Work required
Please copy each line of the listing below precisely, excluding the images.

(Data begins)

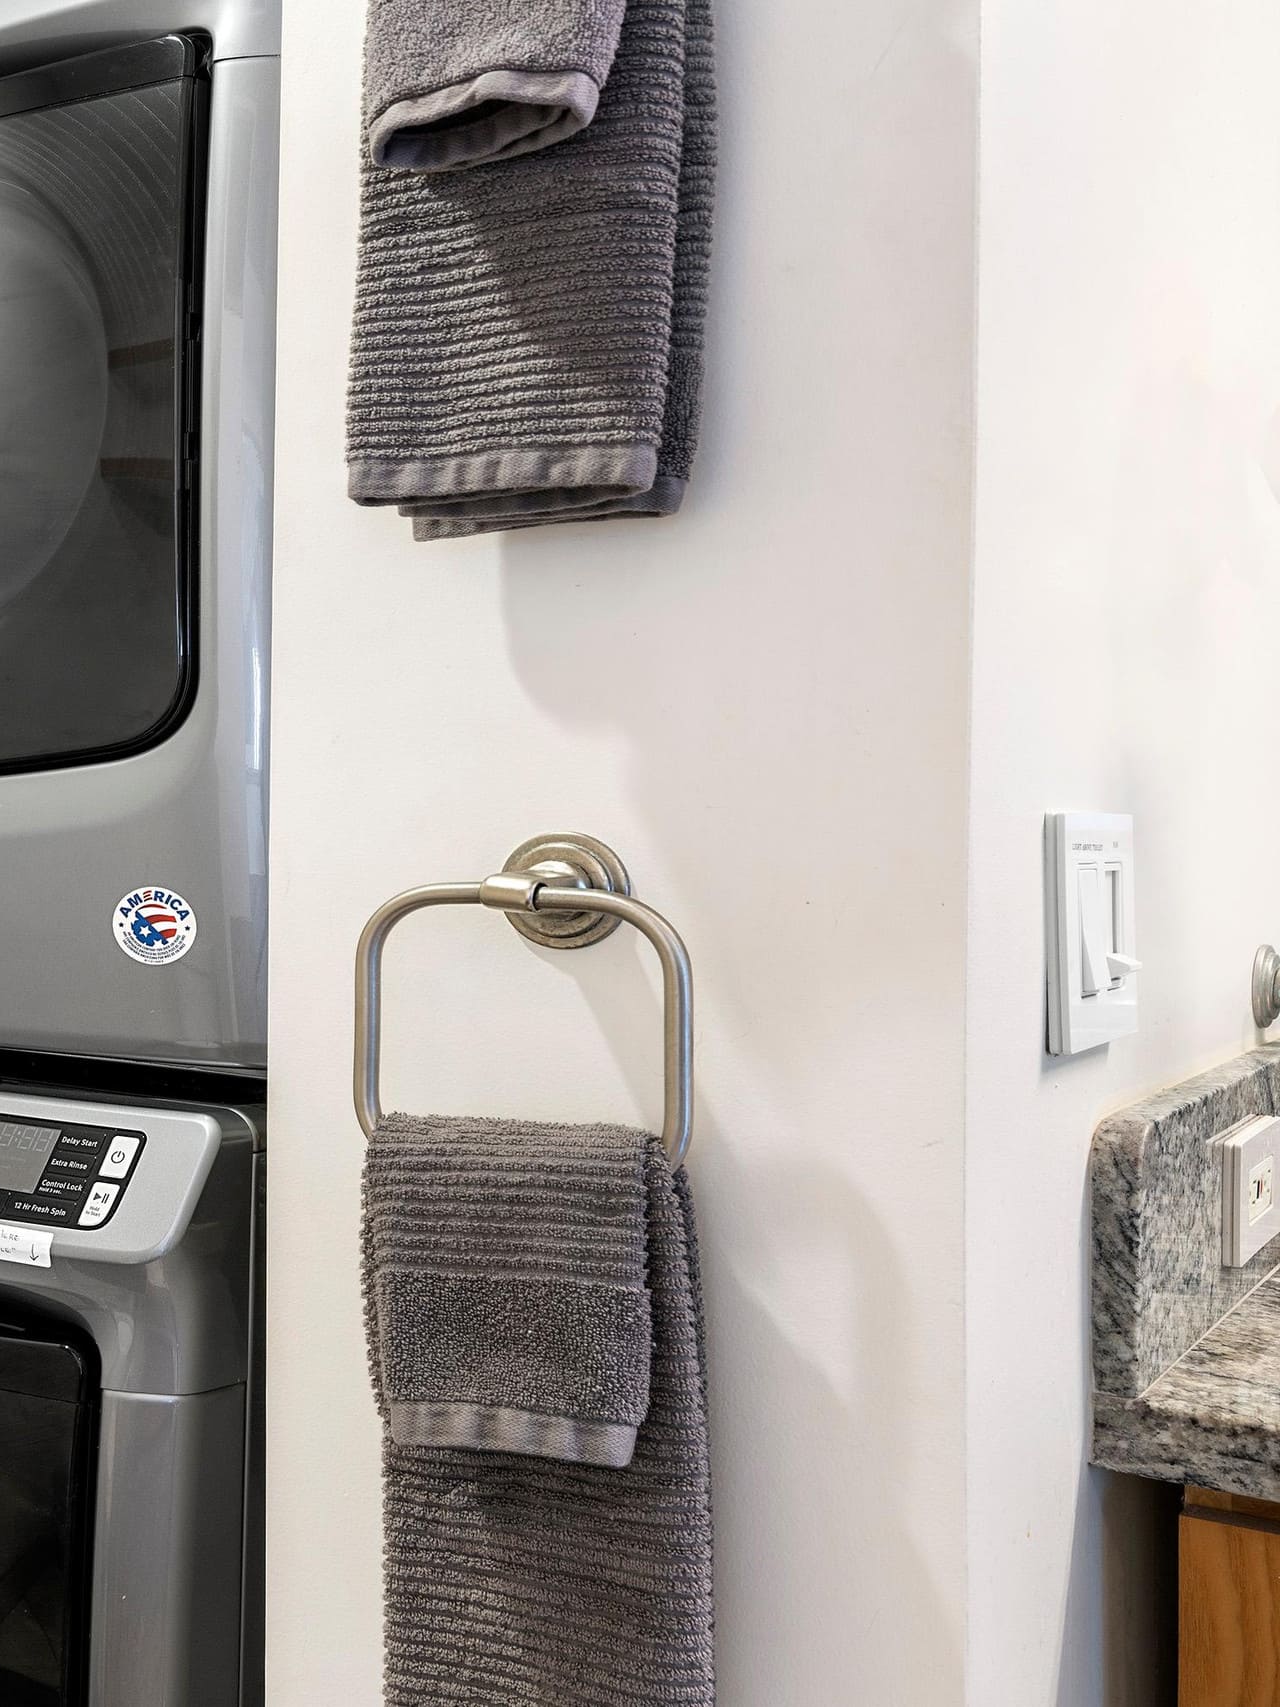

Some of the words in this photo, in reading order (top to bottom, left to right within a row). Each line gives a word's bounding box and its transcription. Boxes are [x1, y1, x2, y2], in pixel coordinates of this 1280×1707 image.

[119, 890, 190, 922] AMERICA
[62, 1136, 80, 1146] Delay
[80, 1139, 99, 1148] Start
[50, 1158, 68, 1167] Extra
[68, 1161, 88, 1171] Rinse
[41, 1179, 67, 1189] Control
[66, 1182, 83, 1192] Lock
[14, 1202, 23, 1210] 12
[22, 1204, 32, 1212] Hr
[31, 1204, 51, 1214] Fresh
[50, 1207, 67, 1218] Spin
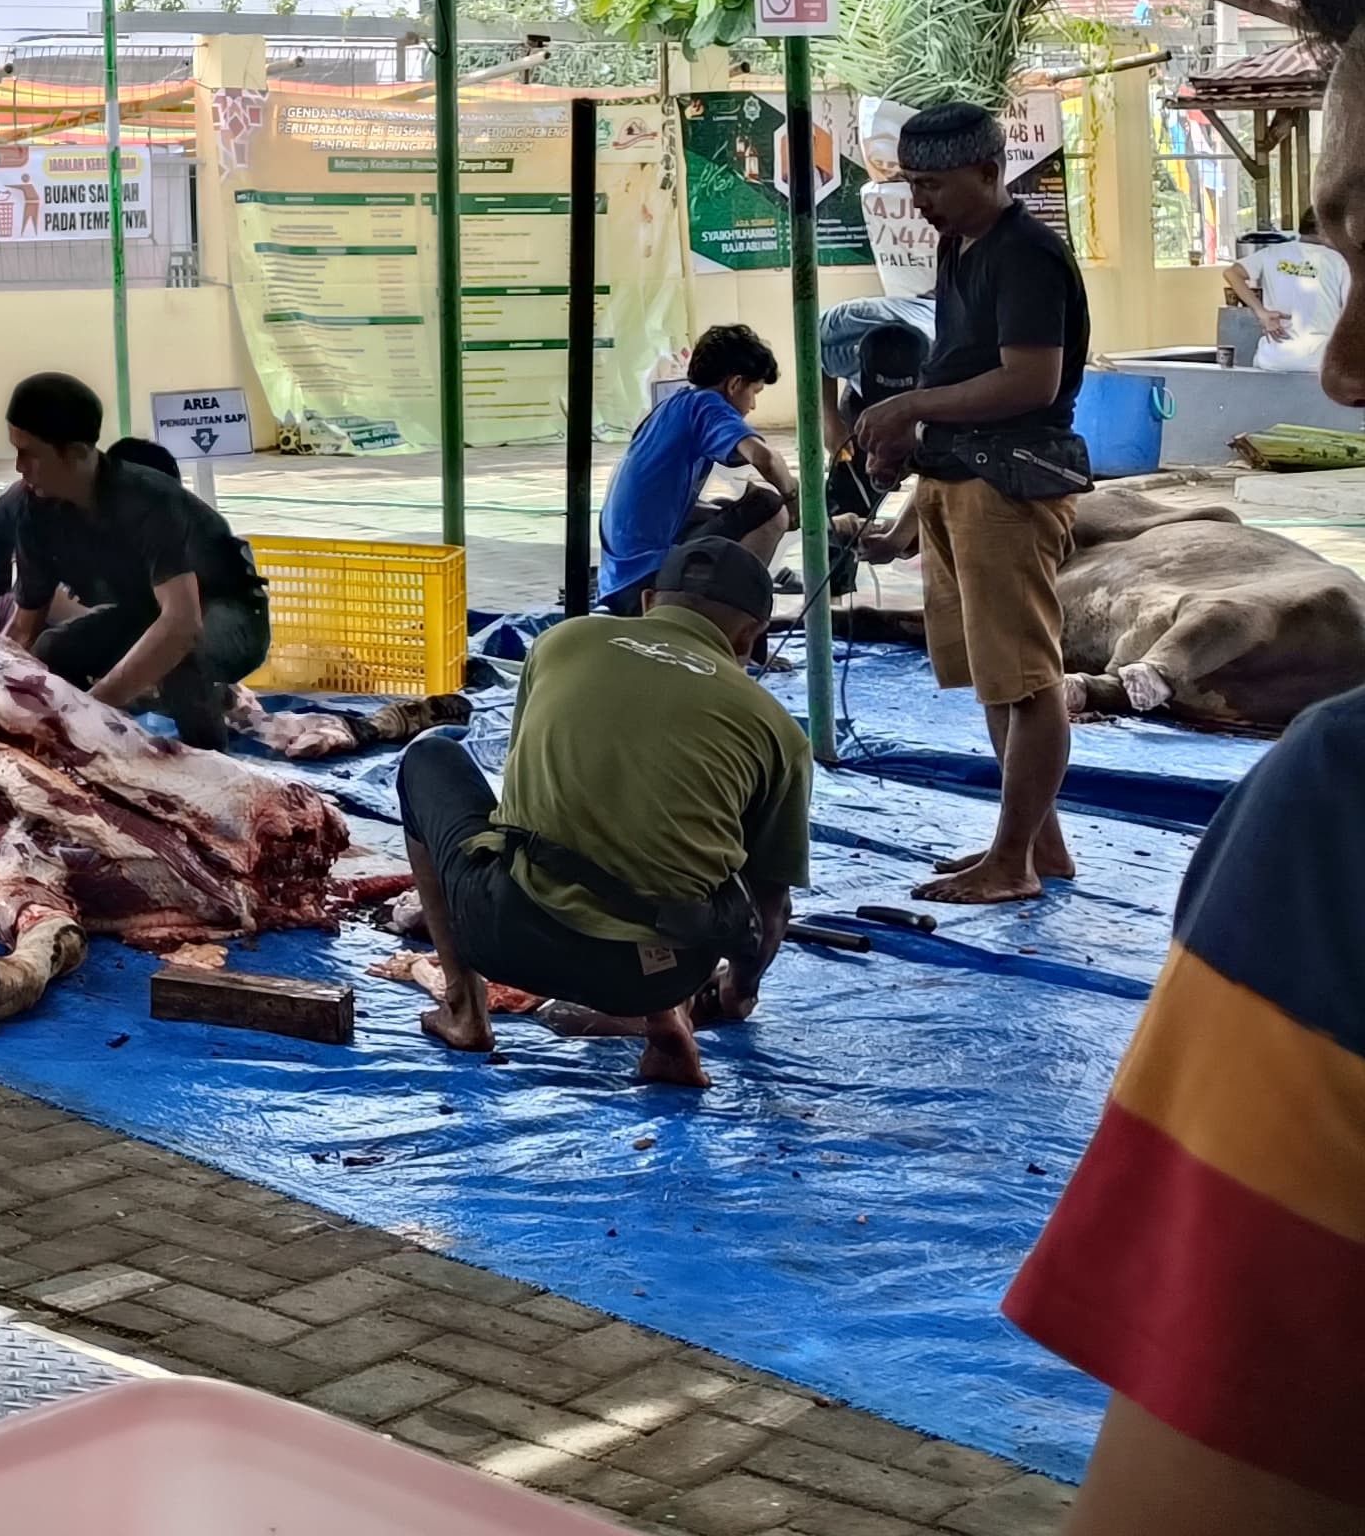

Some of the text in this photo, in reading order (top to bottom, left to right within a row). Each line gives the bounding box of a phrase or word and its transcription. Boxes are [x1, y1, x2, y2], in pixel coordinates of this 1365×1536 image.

[280, 106, 328, 119] AGENDA
[278, 122, 352, 136] PERUMAHAN
[354, 125, 384, 136] BUMI
[387, 126, 422, 137] PUSPA
[479, 127, 525, 138] GEDONG
[524, 127, 570, 139] MENENG
[1034, 124, 1045, 143] H
[312, 138, 358, 151] BANDAR
[362, 140, 419, 152] LAMPUNG
[44, 182, 140, 205] BUANG SAAH
[44, 212, 77, 232] PADA
[183, 397, 220, 411] AREA
[159, 413, 247, 427] PENGULITAN SAPI
[200, 431, 211, 447] 2
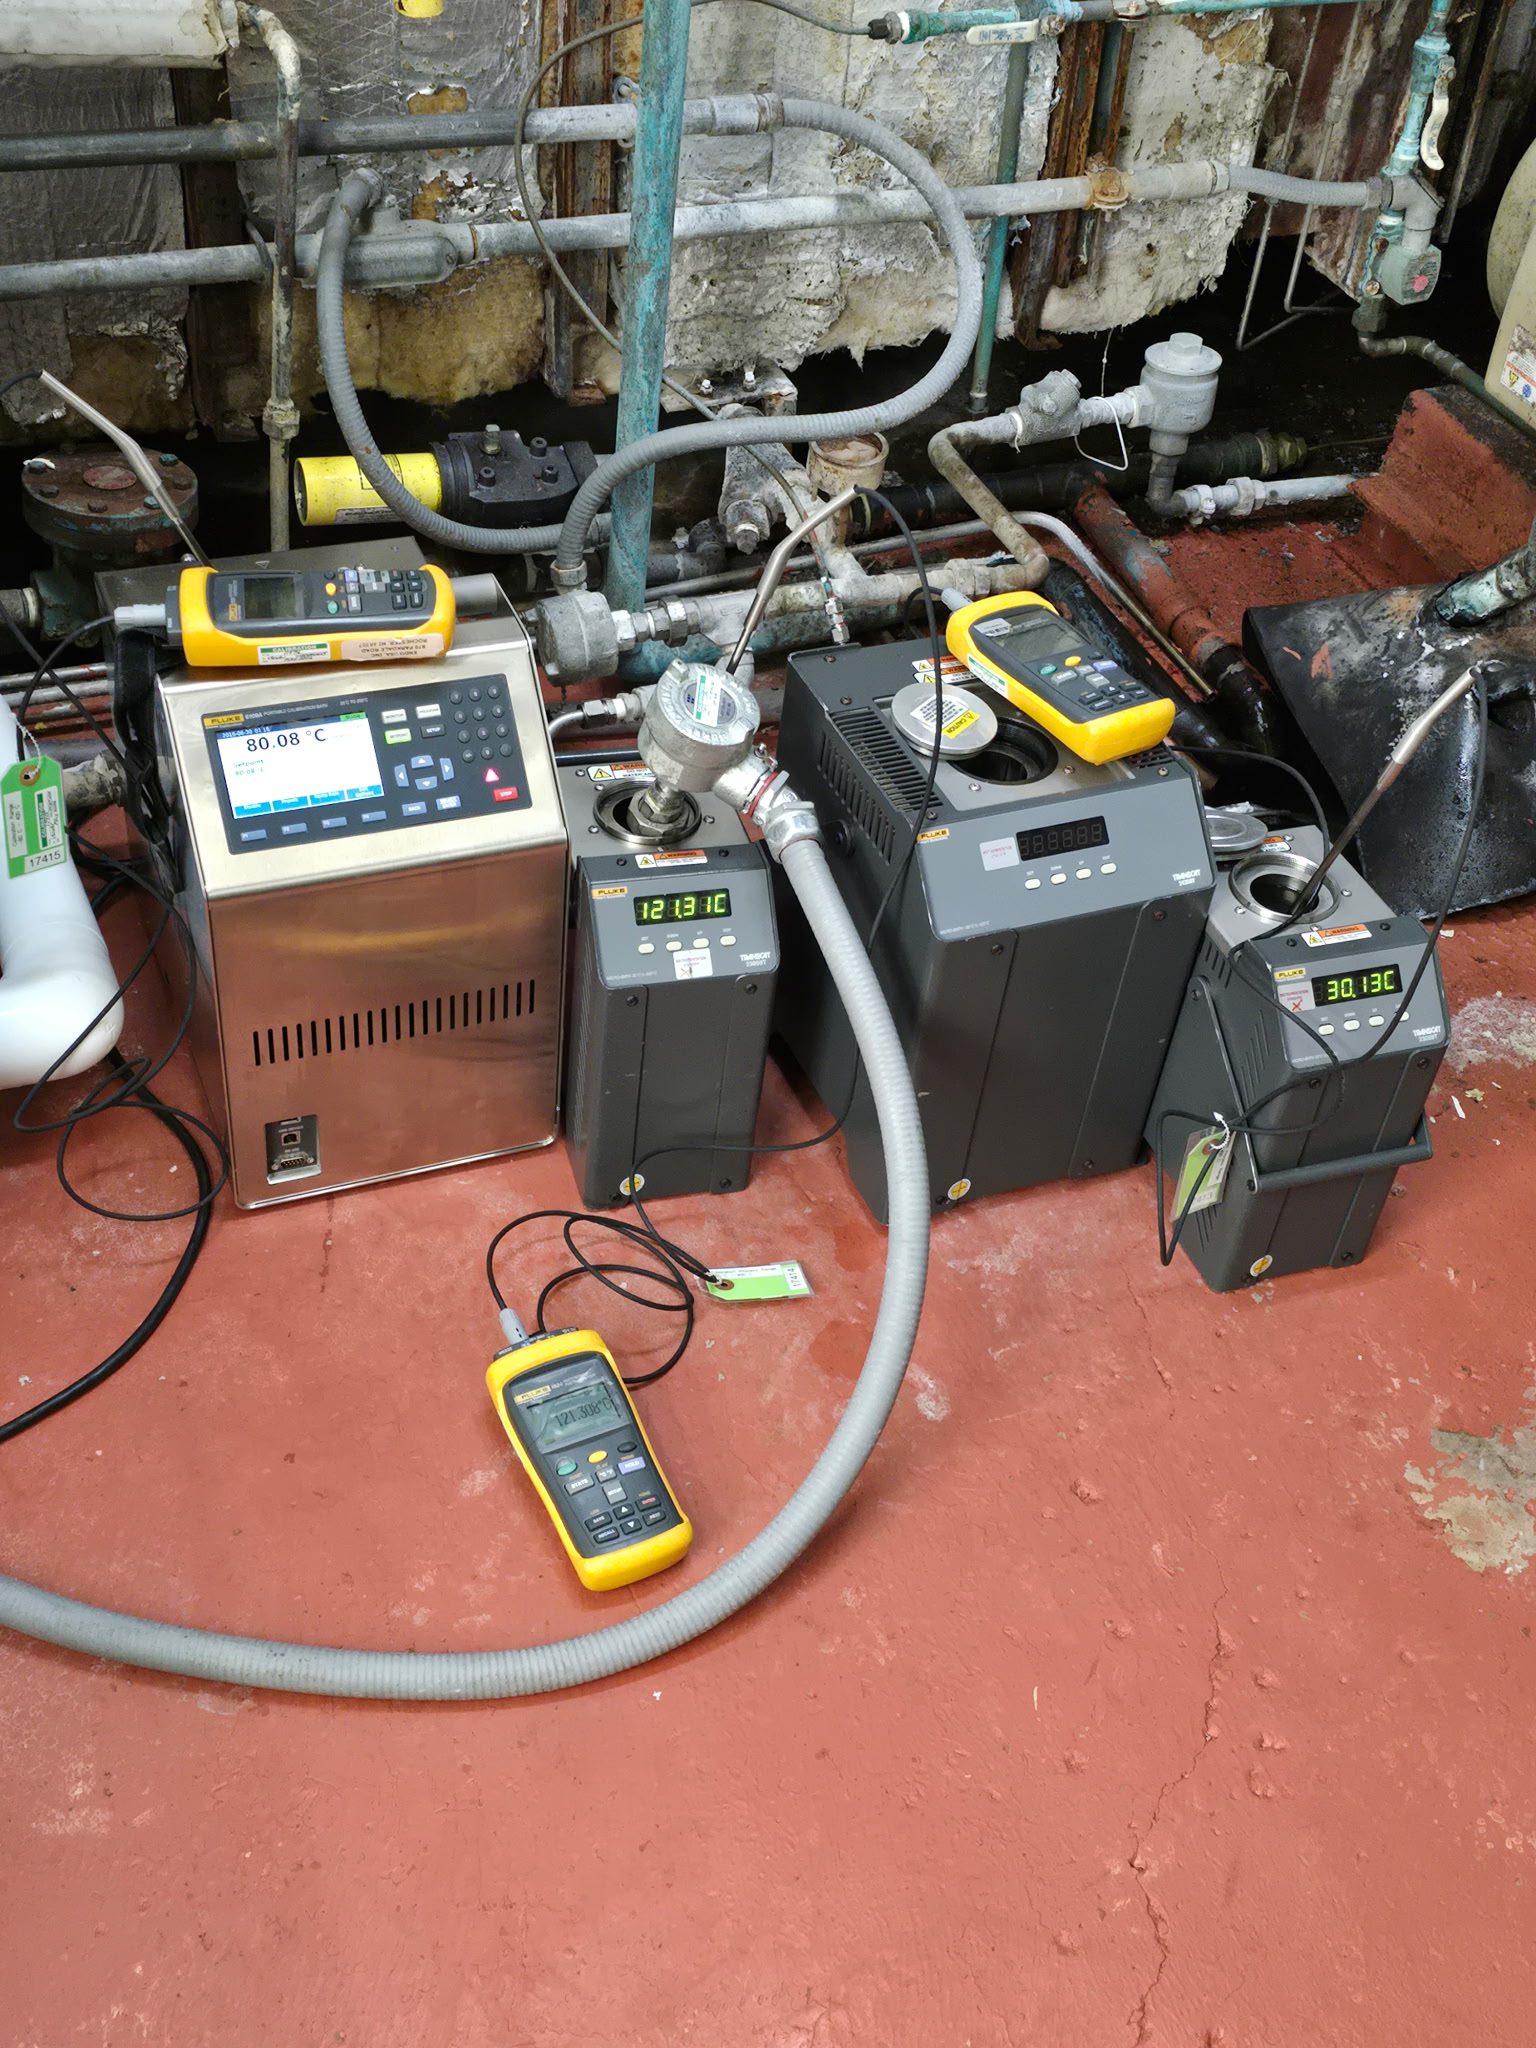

(Data ends)

Expected answer
Some of the words in this photo, in reading order (top to bottom, left to right within a row). Each line gives a word's bounding box and its transcription. Boxes are [x1, y1, x2, y2], in pixel coordinates of this 1280×1707 image.

[119, 890, 190, 922] AMERICA
[62, 1136, 80, 1146] Delay
[80, 1139, 99, 1148] Start
[50, 1158, 68, 1167] Extra
[68, 1161, 88, 1171] Rinse
[41, 1179, 67, 1189] Control
[66, 1182, 83, 1192] Lock
[14, 1202, 23, 1210] 12
[22, 1204, 32, 1212] Hr
[31, 1204, 51, 1214] Fresh
[50, 1207, 67, 1218] Spin

Some of the text in this photo, in reading order (top to bottom, left to right within a row). Each line gives the bounding box of a phrase or word and its transcription. Boxes are [x1, y1, x2, y2], in pixel coordinates of this 1365×1536 image.

[280, 106, 328, 119] AGENDA
[278, 122, 352, 136] PERUMAHAN
[354, 125, 384, 136] BUMI
[387, 126, 422, 137] PUSPA
[479, 127, 525, 138] GEDONG
[524, 127, 570, 139] MENENG
[1034, 124, 1045, 143] H
[312, 138, 358, 151] BANDAR
[362, 140, 419, 152] LAMPUNG
[44, 182, 140, 205] BUANG SAAH
[44, 212, 77, 232] PADA
[183, 397, 220, 411] AREA
[159, 413, 247, 427] PENGULITAN SAPI
[200, 431, 211, 447] 2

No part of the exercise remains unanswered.